Print the full set of records below, character for character and picture-free.

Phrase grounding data
━━━━━━━━━━━━━━━━

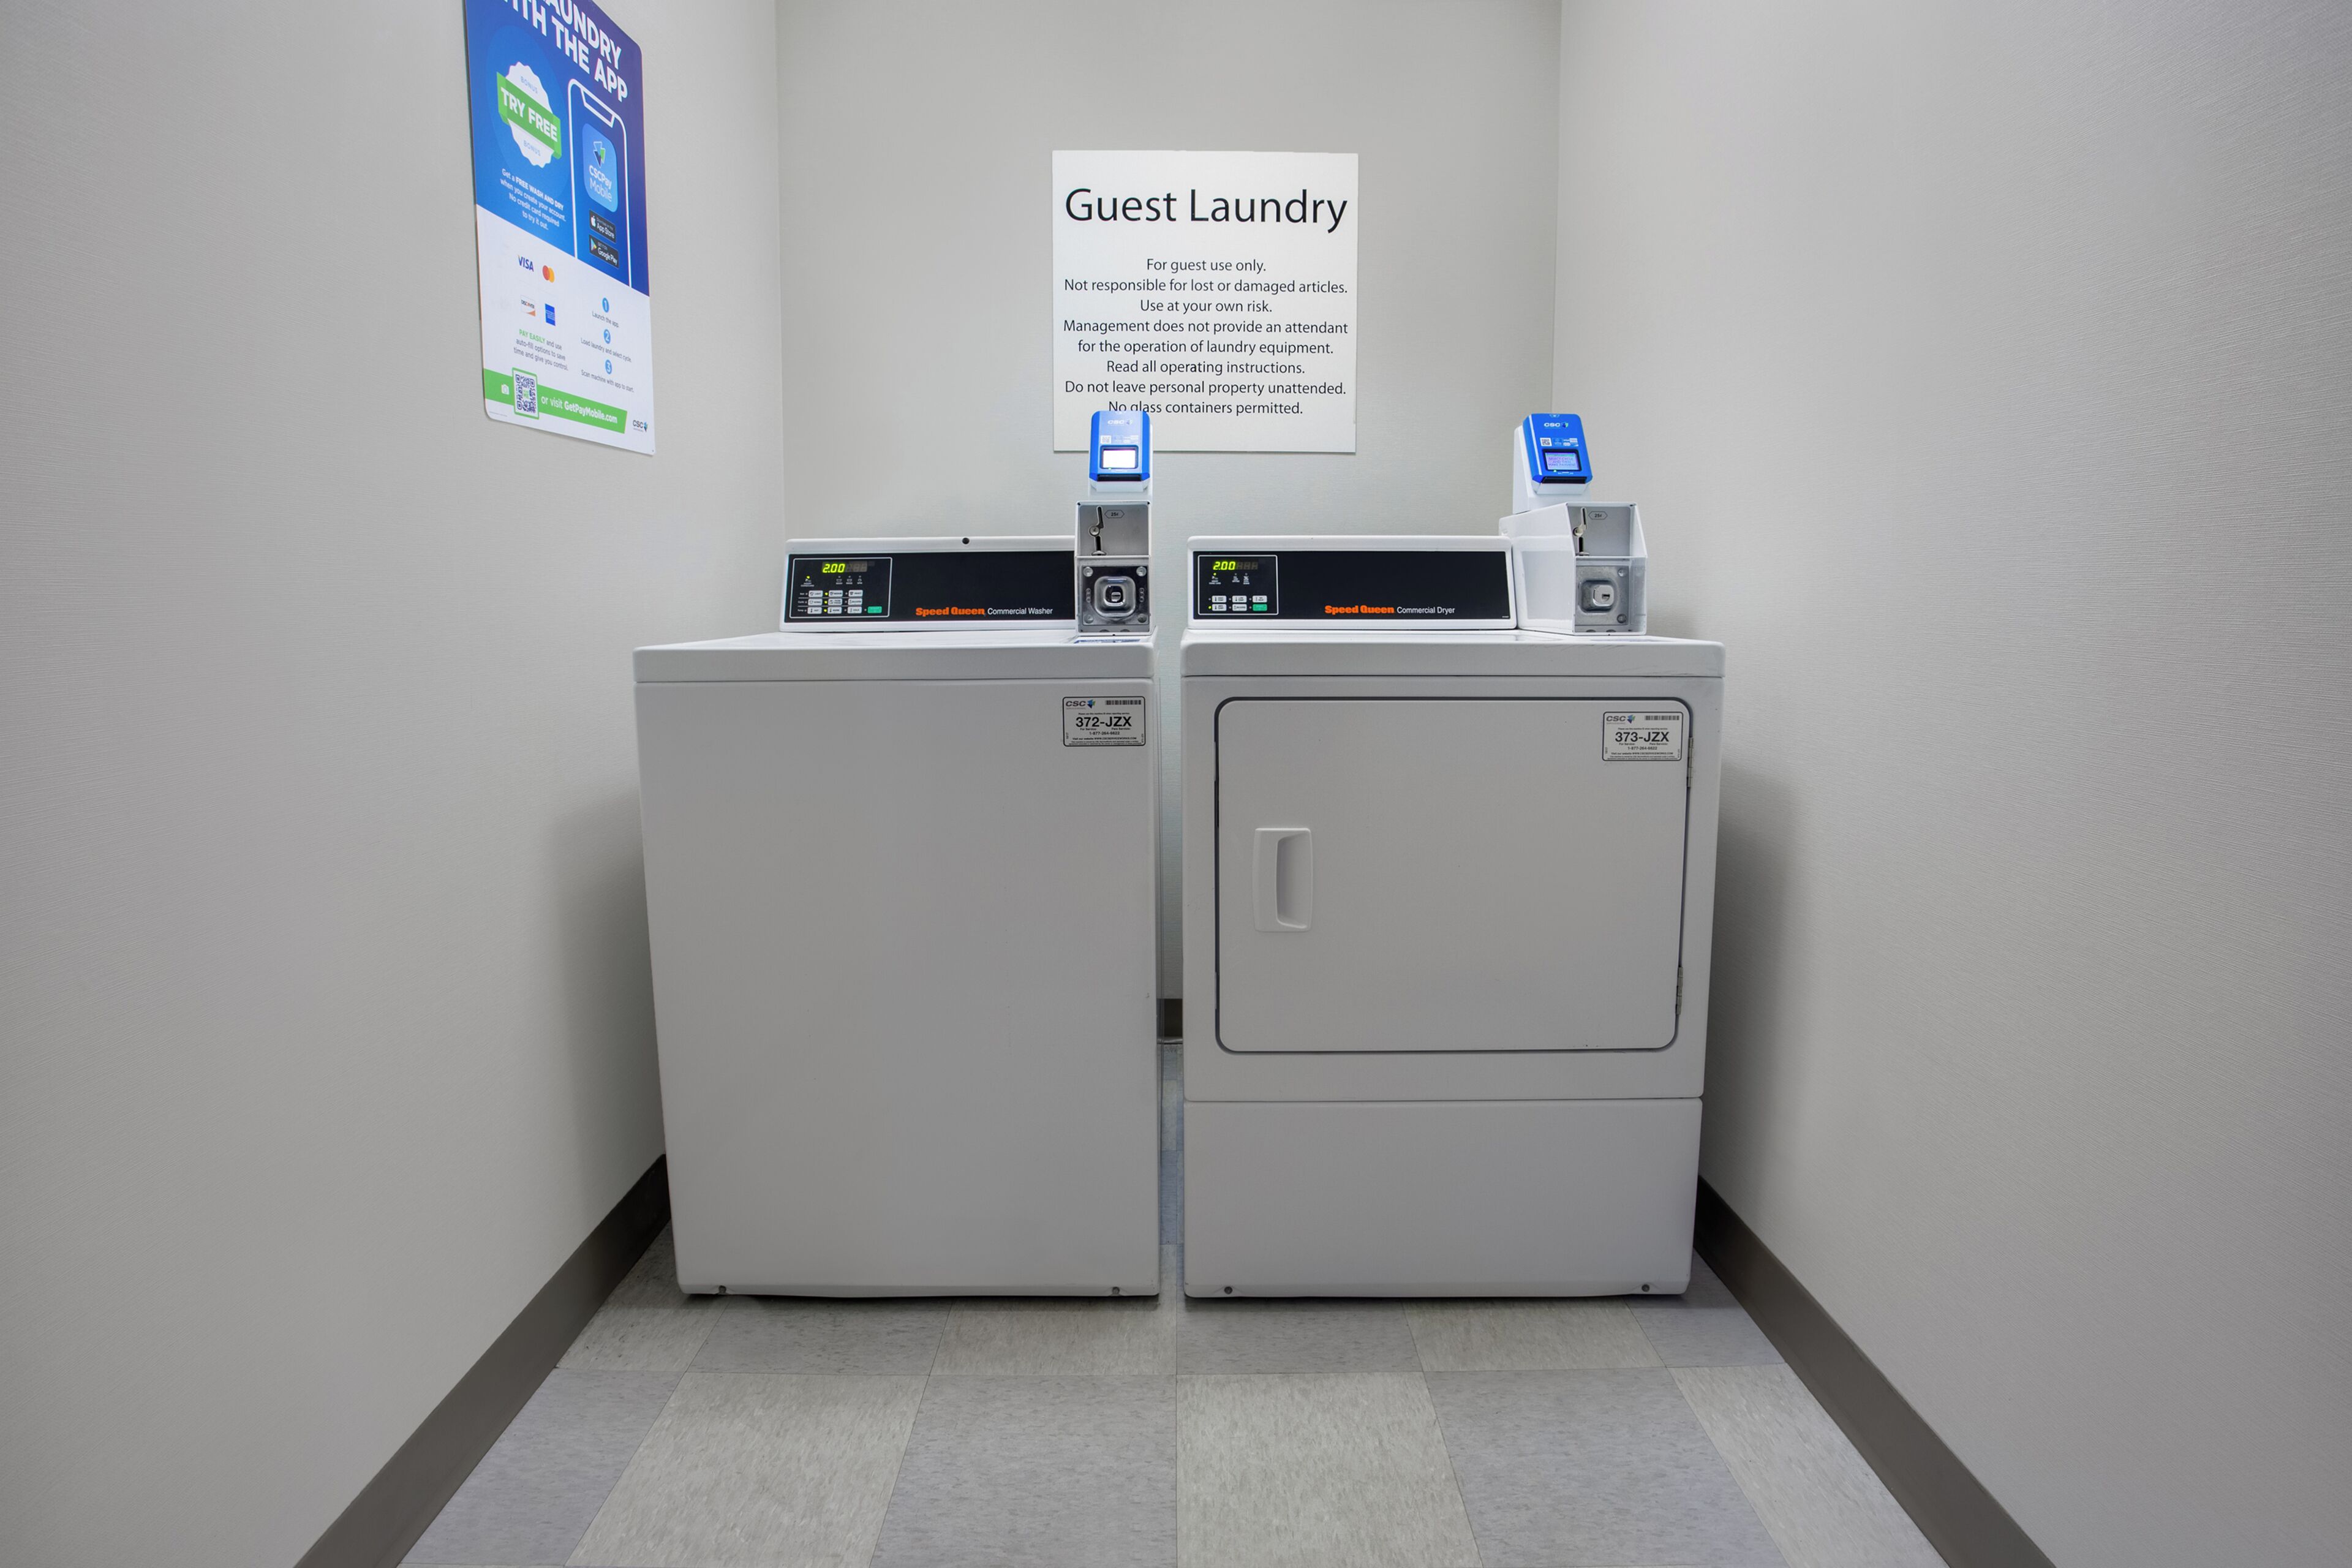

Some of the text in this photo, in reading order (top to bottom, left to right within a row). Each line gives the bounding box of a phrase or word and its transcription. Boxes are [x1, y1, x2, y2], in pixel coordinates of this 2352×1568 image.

[551, 15, 590, 74] THE
[594, 58, 628, 102] APP
[500, 87, 558, 143] TRY FREE
[589, 165, 612, 189] CSCPay
[501, 168, 511, 181] Get
[515, 176, 529, 190] FREE
[529, 183, 544, 199] WASH
[544, 192, 554, 205] AND
[554, 198, 564, 211] DRY
[590, 177, 612, 202] Mobile
[500, 178, 567, 222] when you create your account.
[509, 192, 560, 227] No credit card required
[1066, 189, 1347, 233] Guest Laundry
[597, 222, 606, 233] App
[605, 227, 615, 239] Store
[518, 254, 534, 272] VISA
[598, 247, 618, 265] Google Play
[1147, 258, 1266, 274] For guest use only.
[1065, 278, 1348, 295] Not responsible for lost or damaged articles.
[592, 311, 605, 321] Launch
[1140, 300, 1272, 315] Use at your own risk.
[1063, 319, 1348, 335] Management does not provide an attendant
[519, 328, 528, 337] PAY
[529, 332, 545, 344] EASILY
[516, 338, 534, 349] auto-fill
[535, 344, 551, 356] options
[581, 337, 590, 347] Load
[591, 341, 605, 353] laundry
[612, 350, 622, 359] select
[1077, 339, 1333, 356] for the operation of laundry equipment.
[513, 347, 524, 356] time
[535, 354, 544, 363] give
[553, 360, 568, 371] control.
[581, 369, 590, 378] Scan
[591, 373, 606, 383] machine
[1107, 360, 1305, 376] Read all operating instructions.
[1065, 380, 1346, 397] Do not leave personal property unattended.
[541, 396, 617, 424] or visit GetPayMobile.com
[1109, 401, 1127, 412] No
[1165, 401, 1232, 413] containers
[1236, 401, 1303, 416] permitted.
[633, 420, 643, 429] CSC
[823, 563, 845, 573] 2.00
[1213, 561, 1236, 570] 2.00
[915, 607, 949, 617] Speed
[951, 606, 985, 616] Queen
[1324, 605, 1359, 616] Speed
[1360, 605, 1394, 614] Queen
[1437, 606, 1455, 616] Dryer
[1076, 716, 1132, 727] 372-JZX
[1615, 731, 1670, 742] 373-JZX

━━━━━━━━━━━━━━━━

_Exercise response_
Some of the text in this photo, in reading order (top to bottom, left to right within a row). Each line gives the bounding box of a phrase or word and its transcription. Boxes are [x1, y1, x2, y2], in pixel coordinates of this 2352×1568 image.

[551, 15, 590, 74] THE
[594, 58, 628, 102] APP
[500, 87, 558, 143] TRY FREE
[589, 165, 612, 189] CSCPay
[501, 168, 511, 181] Get
[515, 176, 529, 190] FREE
[529, 183, 544, 199] WASH
[544, 192, 554, 205] AND
[554, 198, 564, 211] DRY
[590, 177, 612, 202] Mobile
[500, 178, 567, 222] when you create your account.
[509, 192, 560, 227] No credit card required
[1066, 189, 1347, 233] Guest Laundry
[597, 222, 606, 233] App
[605, 227, 615, 239] Store
[518, 254, 534, 272] VISA
[598, 247, 618, 265] Google Play
[1147, 258, 1266, 274] For guest use only.
[1065, 278, 1348, 295] Not responsible for lost or damaged articles.
[592, 311, 605, 321] Launch
[1140, 300, 1272, 315] Use at your own risk.
[1063, 319, 1348, 335] Management does not provide an attendant
[519, 328, 528, 337] PAY
[529, 332, 545, 344] EASILY
[516, 338, 534, 349] auto-fill
[535, 344, 551, 356] options
[581, 337, 590, 347] Load
[591, 341, 605, 353] laundry
[612, 350, 622, 359] select
[1077, 339, 1333, 356] for the operation of laundry equipment.
[513, 347, 524, 356] time
[535, 354, 544, 363] give
[553, 360, 568, 371] control.
[581, 369, 590, 378] Scan
[591, 373, 606, 383] machine
[1107, 360, 1305, 376] Read all operating instructions.
[1065, 380, 1346, 397] Do not leave personal property unattended.
[541, 396, 617, 424] or visit GetPayMobile.com
[1109, 401, 1127, 412] No
[1165, 401, 1232, 413] containers
[1236, 401, 1303, 416] permitted.
[633, 420, 643, 429] CSC
[823, 563, 845, 573] 2.00
[1213, 561, 1236, 570] 2.00
[915, 607, 949, 617] Speed
[951, 606, 985, 616] Queen
[1324, 605, 1359, 616] Speed
[1360, 605, 1394, 614] Queen
[1437, 606, 1455, 616] Dryer
[1076, 716, 1132, 727] 372-JZX
[1615, 731, 1670, 742] 373-JZX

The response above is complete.